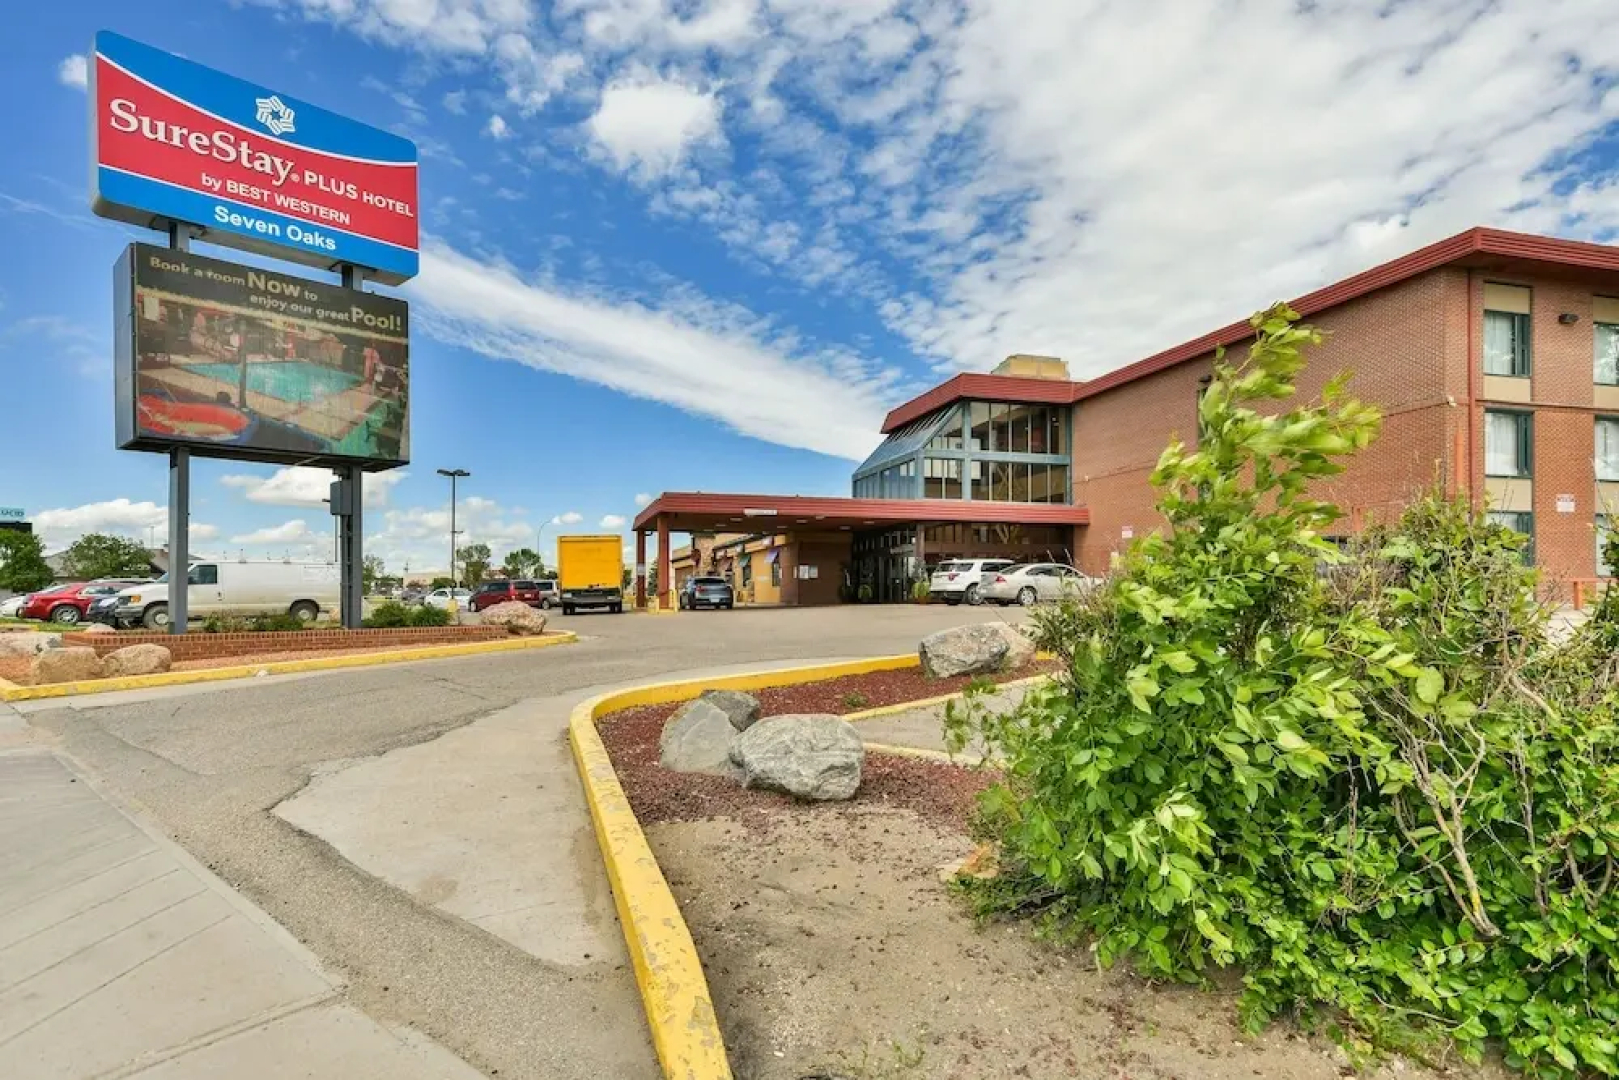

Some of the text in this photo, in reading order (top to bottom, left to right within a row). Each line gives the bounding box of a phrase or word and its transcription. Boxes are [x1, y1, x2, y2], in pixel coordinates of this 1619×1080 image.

[201, 173, 351, 226] by BEST WESTERN
[303, 170, 358, 200] PLUS
[362, 191, 414, 217] HOTEL
[214, 204, 336, 251] Seven Oaks
[149, 256, 189, 275] Book
[194, 268, 203, 278] a
[207, 271, 245, 286] room
[304, 289, 318, 302] to
[250, 294, 401, 331] enjoy our great Pool!

> **ASSIGNED TASK**:
Leave the images behind and write out every entry exactly.

> **RESULT FOR THIS TASK**:
Some of the text in this photo, in reading order (top to bottom, left to right within a row). Each line gives the bounding box of a phrase or word and its transcription. Boxes are [x1, y1, x2, y2], in pixel coordinates of this 1619×1080 image.

[201, 173, 351, 226] by BEST WESTERN
[303, 170, 358, 200] PLUS
[362, 191, 414, 217] HOTEL
[214, 204, 336, 251] Seven Oaks
[149, 256, 189, 275] Book
[194, 268, 203, 278] a
[207, 271, 245, 286] room
[304, 289, 318, 302] to
[250, 294, 401, 331] enjoy our great Pool!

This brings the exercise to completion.